The following is taken from Lamb’s obituary:
Verla Katherine Shreve Lamb, 98, left this life on Wednesday May 26, 2021 at her Elkins residence after a brief illness.
She was a loving wife and devoted mother, grandmother and great-grandmother.
She was known as “Bobbie” to all his friends and family and called with love “Grandma Bobbie” by his great-grandchildren.
She was born in Vegan, West Virginia on Saturday October 21, 1922 to mother Hazel Talbott Shreve and raised by her grandparents, Hulda and Darius Talbott.
She graduated from Buckhannon-Upshur High School in the class of 1941.
She married Arnol Gordon Lamb on October 12, 1940 in Catlettsburg, Kentucky, and celebrated 63 years of marriage until her death on February 21, 2003.
Lamb was proud to have worked at Glenn L. Martin Aircraft Company in Baltimore, Maryland, as “Rosie the Riveter”, doing sheet metal and riveting jobs during World War II. …
She lived with Arnol and their son, Arnol Jr., in Baltimore, Maryland, until 1950, when they returned to Elkins and she worked at Hogan as an accountant for 29 years until her retirement.
She is predeceased by her husband Arnol; mother, Hazel Talbott Shreve; and brothers, Mike, Robert and Paul Shreve.

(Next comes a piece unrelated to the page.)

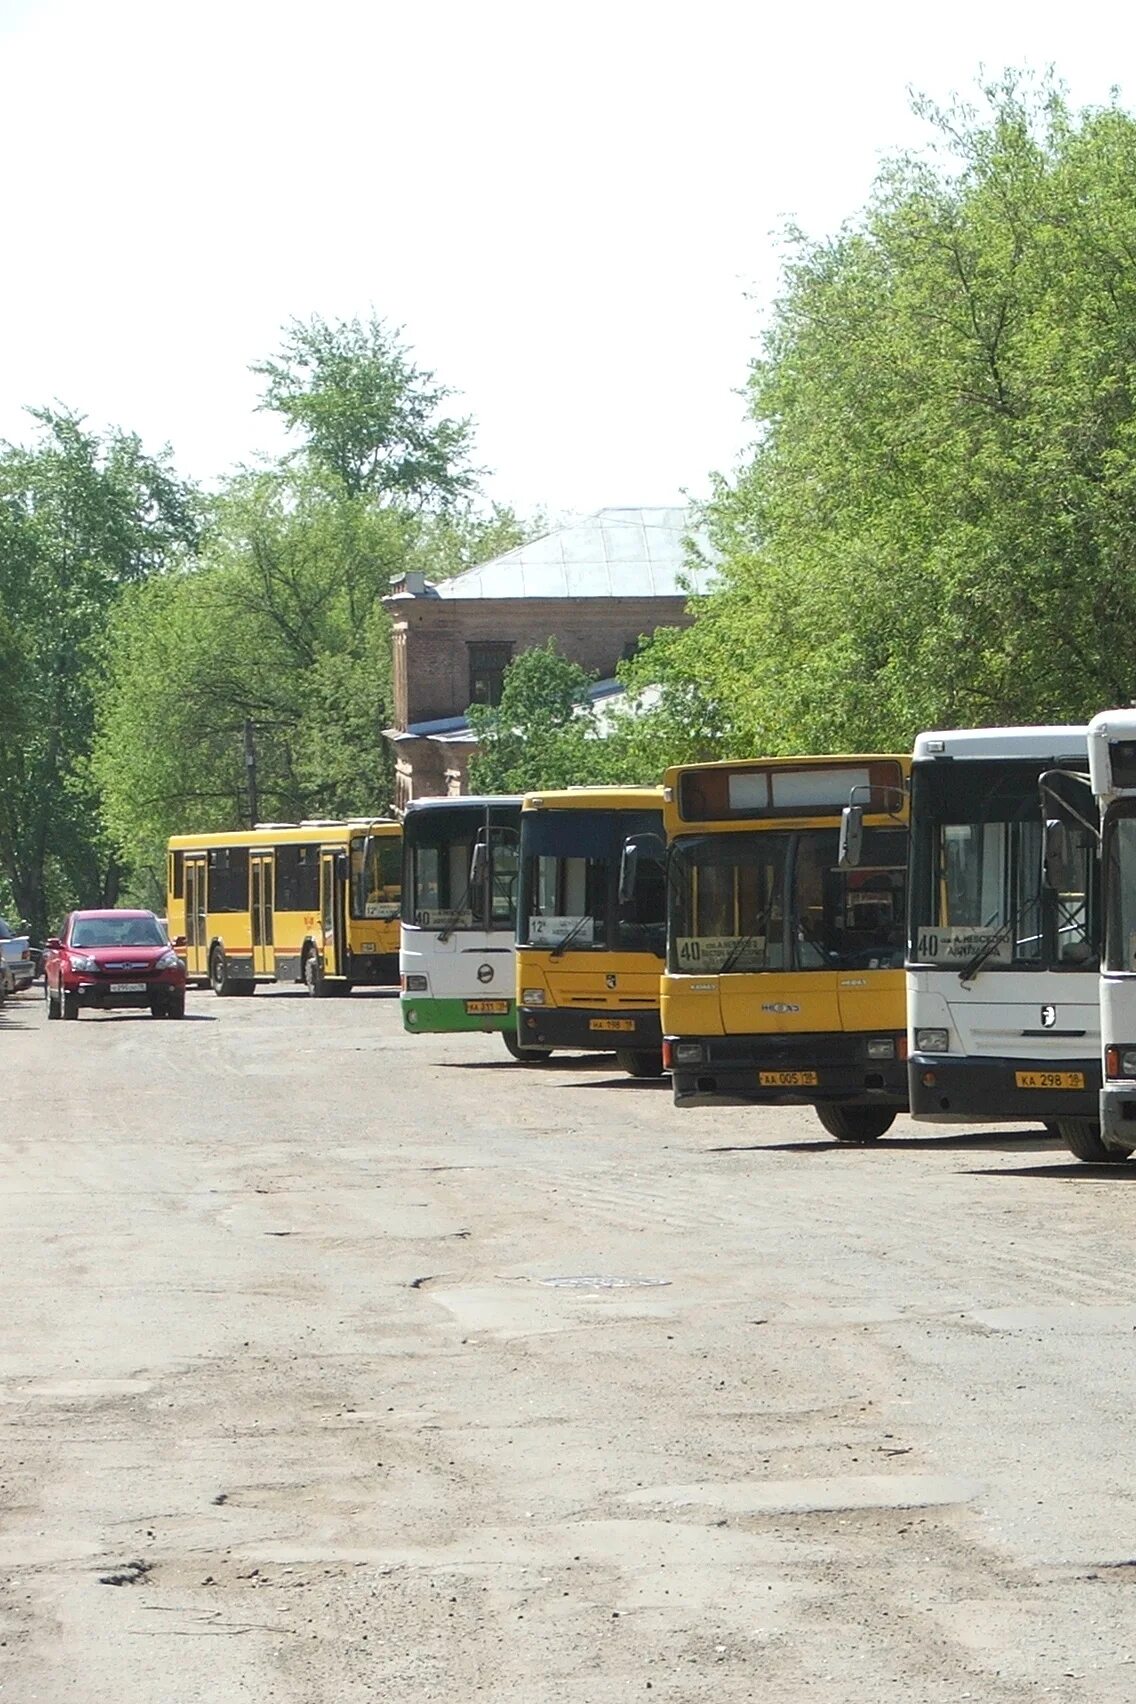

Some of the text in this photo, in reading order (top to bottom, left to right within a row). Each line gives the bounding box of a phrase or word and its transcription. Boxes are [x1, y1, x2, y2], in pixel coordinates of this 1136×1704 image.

She is survived by her son, Arnol Lamb, Jr. and his wife, Donna, of New Bern, North Carolina; granddaughter, Monica Christine Haskins and husband, Freddy, of New Bern, North Carolina; great-grandchildren, Allison Nicole Haskins of New Bern, NC, Michael Haskins and wife, Emily, of Jacksonville, NC; great-great-grandchildren, Riley and Liam; grandson, Brandon Arnol Lamb and wife, Leeza, of Yakima, Washington; great-grandchildren, Samantha Donna Lamb, Xarah Virginia Lamb, Kalub Arnol Lamb, Rebecca Caroline Lamb and Abraham Brandon Lamb, all of Yakima, Washington; her sister, Wannie Harris of Hugesville, Maryland; and many nieces and nephews, who were very special to her.
She was a member of the Woodford Memorial United Methodist Church for 50 years. She was active in her community and was always there to help others. She was President of the Garden Club and while a member of Beta Alpha Beta, she was chosen Secretary of the Year.
Her fondest memories were of a trip to the west, where she was able to attend the baptismal services for two of her great-grandchildren in the “Cathedral of the Rockies” Boise Methodist Church, Idaho; she saw the Hoover Dam as she fulfilled her dream of seeing the Grand Canyon and spent several days in Sedona, Arizona and the surrounding area.
Other memorable events in her life were the celebration of her 60th wedding anniversary, her numerous birthday parties with her friends and family, and a family reunion with her siblings and their families were also special to her.